*** Entries supplied ***
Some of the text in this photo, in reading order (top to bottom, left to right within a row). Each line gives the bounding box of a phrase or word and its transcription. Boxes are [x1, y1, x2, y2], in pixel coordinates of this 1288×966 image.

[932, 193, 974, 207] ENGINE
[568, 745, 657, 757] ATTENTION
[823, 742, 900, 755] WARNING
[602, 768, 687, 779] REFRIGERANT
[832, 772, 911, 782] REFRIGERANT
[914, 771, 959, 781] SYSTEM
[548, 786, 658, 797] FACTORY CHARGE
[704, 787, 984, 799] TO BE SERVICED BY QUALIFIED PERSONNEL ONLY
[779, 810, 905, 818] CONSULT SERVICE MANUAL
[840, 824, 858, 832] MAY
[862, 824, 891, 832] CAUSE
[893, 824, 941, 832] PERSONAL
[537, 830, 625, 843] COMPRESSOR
*** End of Entries supplied ***
▸ **Work instructions**:
Using the listing above, retype each line exactly.

▸ **Solution to this problem**:
Some of the text in this photo, in reading order (top to bottom, left to right within a row). Each line gives the bounding box of a phrase or word and its transcription. Boxes are [x1, y1, x2, y2], in pixel coordinates of this 1288×966 image.

[932, 193, 974, 207] ENGINE
[568, 745, 657, 757] ATTENTION
[823, 742, 900, 755] WARNING
[602, 768, 687, 779] REFRIGERANT
[832, 772, 911, 782] REFRIGERANT
[914, 771, 959, 781] SYSTEM
[548, 786, 658, 797] FACTORY CHARGE
[704, 787, 984, 799] TO BE SERVICED BY QUALIFIED PERSONNEL ONLY
[779, 810, 905, 818] CONSULT SERVICE MANUAL
[840, 824, 858, 832] MAY
[862, 824, 891, 832] CAUSE
[893, 824, 941, 832] PERSONAL
[537, 830, 625, 843] COMPRESSOR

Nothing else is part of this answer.